H’s conduct in relation to the consent order up until at least the Court of Appeal order of 18 October 2023 was deplorable and unreasonable. Costs arising out of the intervention arise within an overarching context: (1) many efforts by H to ensure the consent order was made before steps could be taken by Level to prevent such action; (2) H’s determination to resist setting aside of the consent order and to oppose joinder; (3) H’s attempts to have the order remade. Level plainly succeeded in their case in the period to 18 October 2023 – they were joined, obtained set aside of the consent order, and resisted further attempts for the consent order to be made.
Peel J considered that H’s unreasonable conduct justified an order for costs in Level’s favour on the indemnity basis from 16 February 2021 to 18 October 2023, save for there shall be no order for costs for Level’s application for disclosure of private FDR material. Level did not succeed on this application.
Dealing secondly with the costs from 18 October 2023 to date, Peel J considered that the position after the Court of Appeal judgment appeared different.

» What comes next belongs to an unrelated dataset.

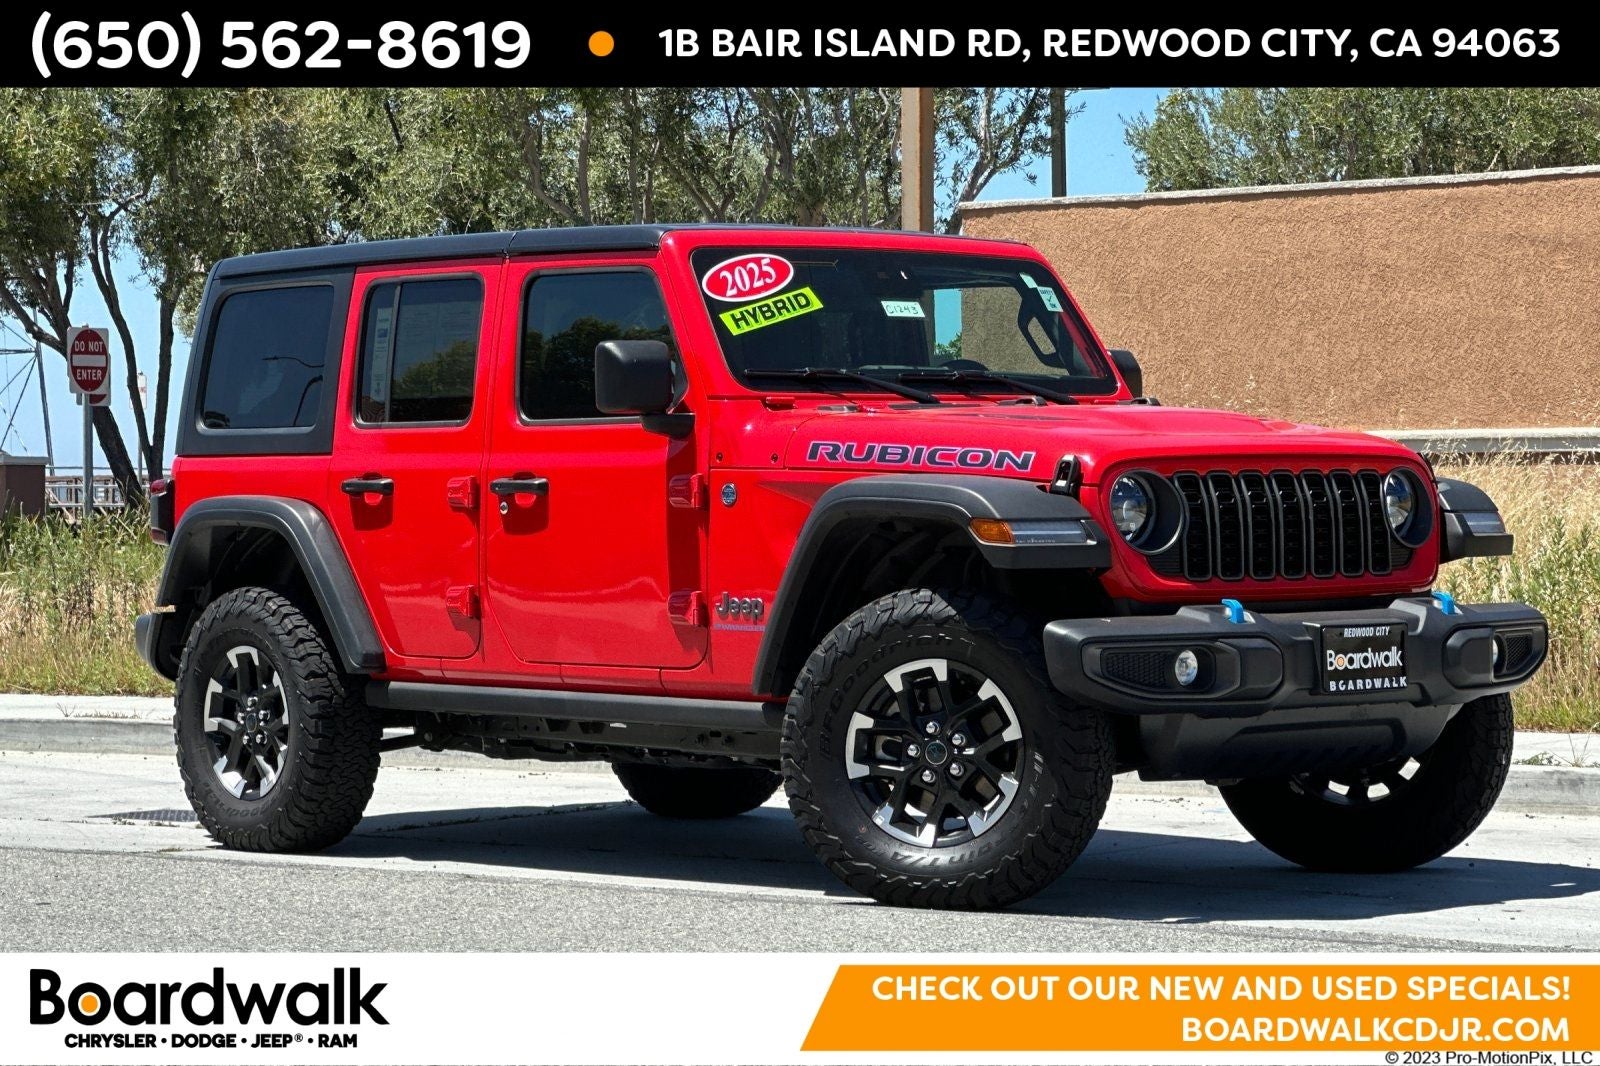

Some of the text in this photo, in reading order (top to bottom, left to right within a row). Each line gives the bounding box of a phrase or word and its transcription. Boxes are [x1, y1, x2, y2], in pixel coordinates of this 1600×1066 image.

Level’s aims of setting aside the consent order and being joined were already achieved. Neither W or H were seeking that the consent order be remade. Peel J was unconvinced that H could be criticised for his conduct during this period; likewise Level cannot be said to have behaved unreasonably. No order as to costs was made in this period.
Peel J’s judgment did not affect costs orders already made by previous tribunals. No order was made against W.
- Conduct
- Costs
- Joinder of Third Parties
- Efficient Conduct
- Consent Orders
- Setting Aside Orders (Including Barder Applications)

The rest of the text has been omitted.